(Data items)
<<<<

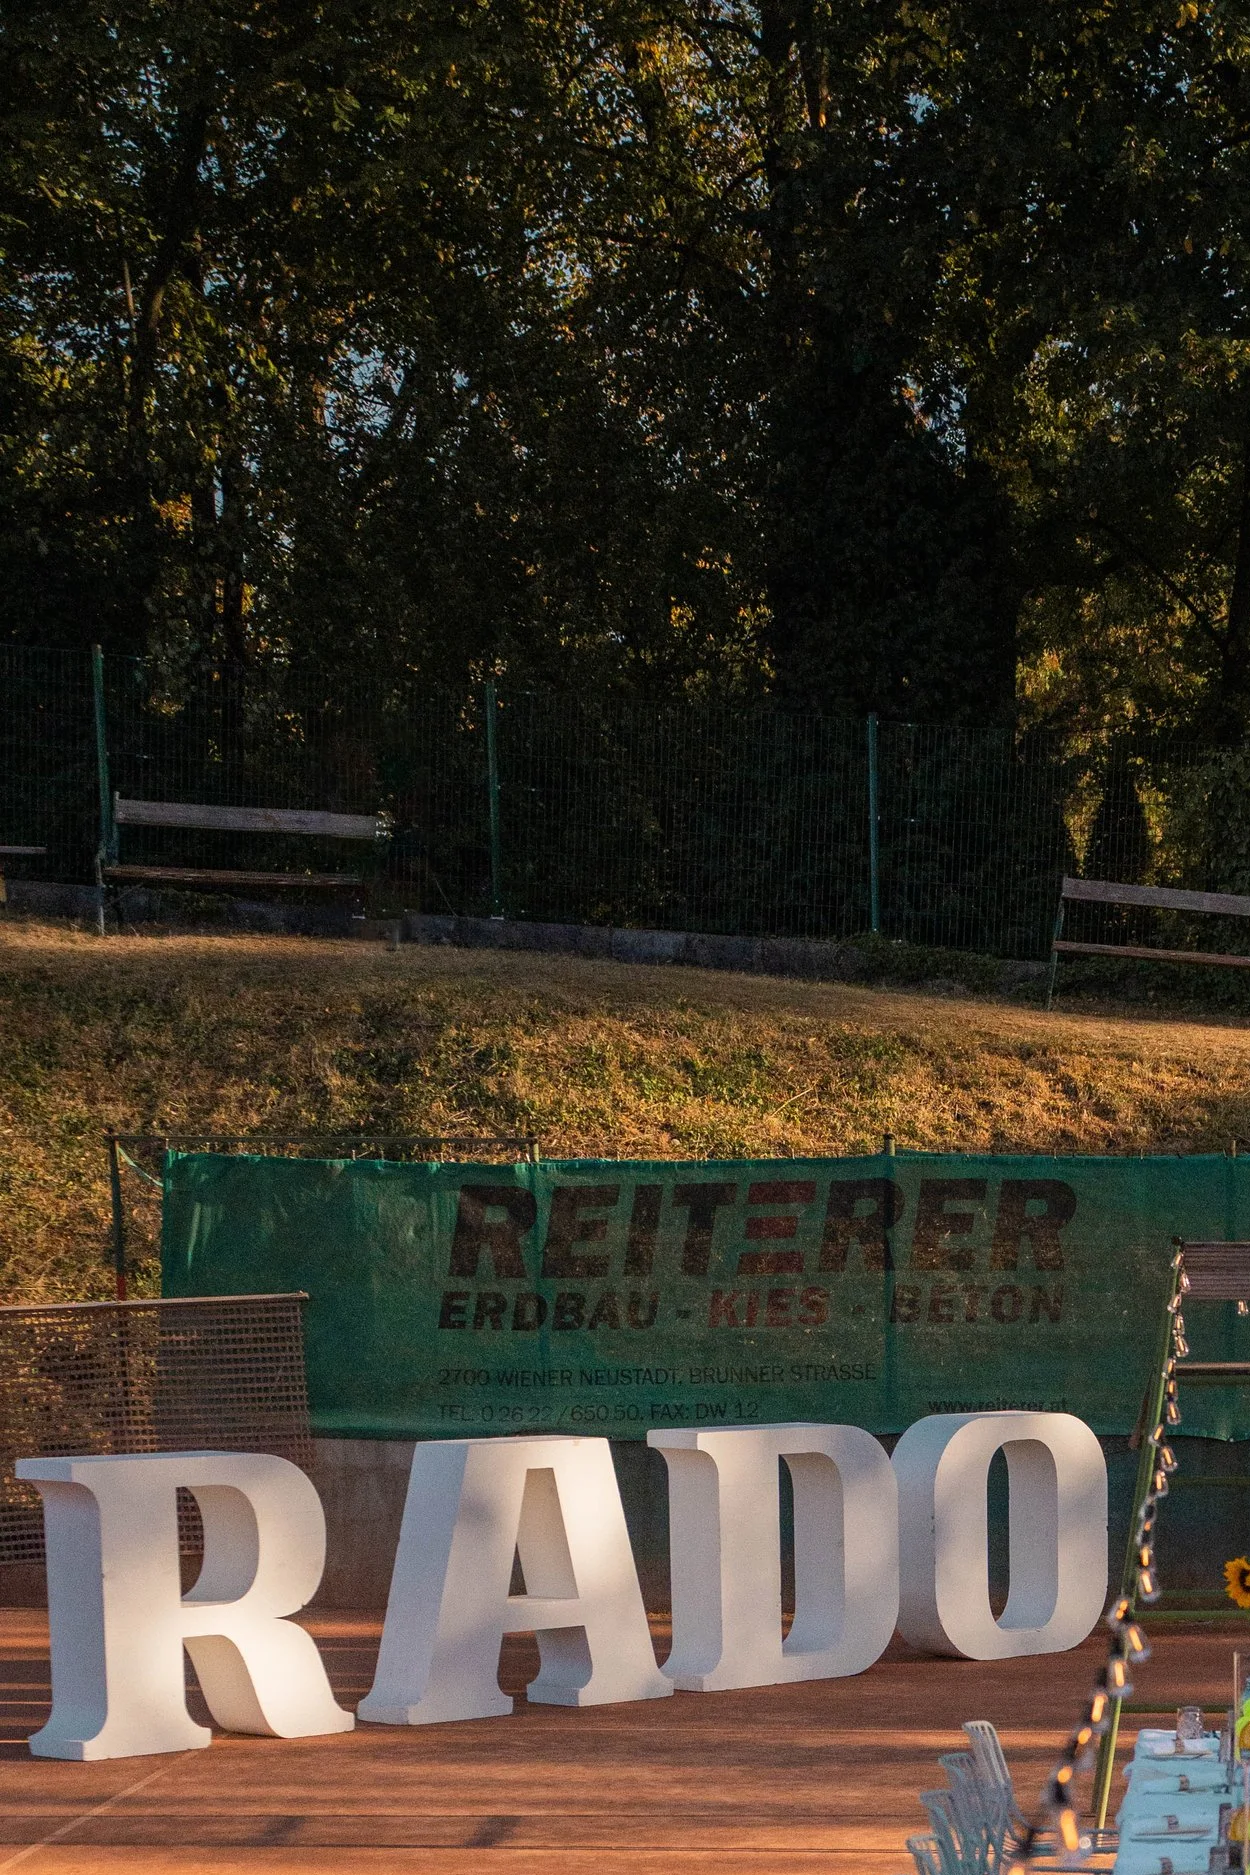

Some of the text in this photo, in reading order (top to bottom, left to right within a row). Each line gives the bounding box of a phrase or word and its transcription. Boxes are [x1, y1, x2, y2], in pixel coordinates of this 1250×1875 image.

[449, 1178, 1077, 1278] REITERER
[439, 1291, 660, 1331] ERDBAU
[708, 1285, 829, 1328] KIES
[889, 1284, 1065, 1325] BETON
[438, 1368, 491, 1386] 2700
[497, 1369, 572, 1388] WIENER
[689, 1366, 785, 1385] BRUNNER
[790, 1363, 877, 1382] STRASSE
[650, 1403, 689, 1420] FAX:
[695, 1402, 728, 1419] DW
[734, 1402, 759, 1419] 12
[14, 1410, 1108, 1762] RADO

>>>>

▸ **Exercise aim**: Quote the records above exactly, leaving out any pictures.

▸ **Reply to the task**:
Some of the text in this photo, in reading order (top to bottom, left to right within a row). Each line gives the bounding box of a phrase or word and its transcription. Boxes are [x1, y1, x2, y2], in pixel coordinates of this 1250×1875 image.

[449, 1178, 1077, 1278] REITERER
[439, 1291, 660, 1331] ERDBAU
[708, 1285, 829, 1328] KIES
[889, 1284, 1065, 1325] BETON
[438, 1368, 491, 1386] 2700
[497, 1369, 572, 1388] WIENER
[689, 1366, 785, 1385] BRUNNER
[790, 1363, 877, 1382] STRASSE
[650, 1403, 689, 1420] FAX:
[695, 1402, 728, 1419] DW
[734, 1402, 759, 1419] 12
[14, 1410, 1108, 1762] RADO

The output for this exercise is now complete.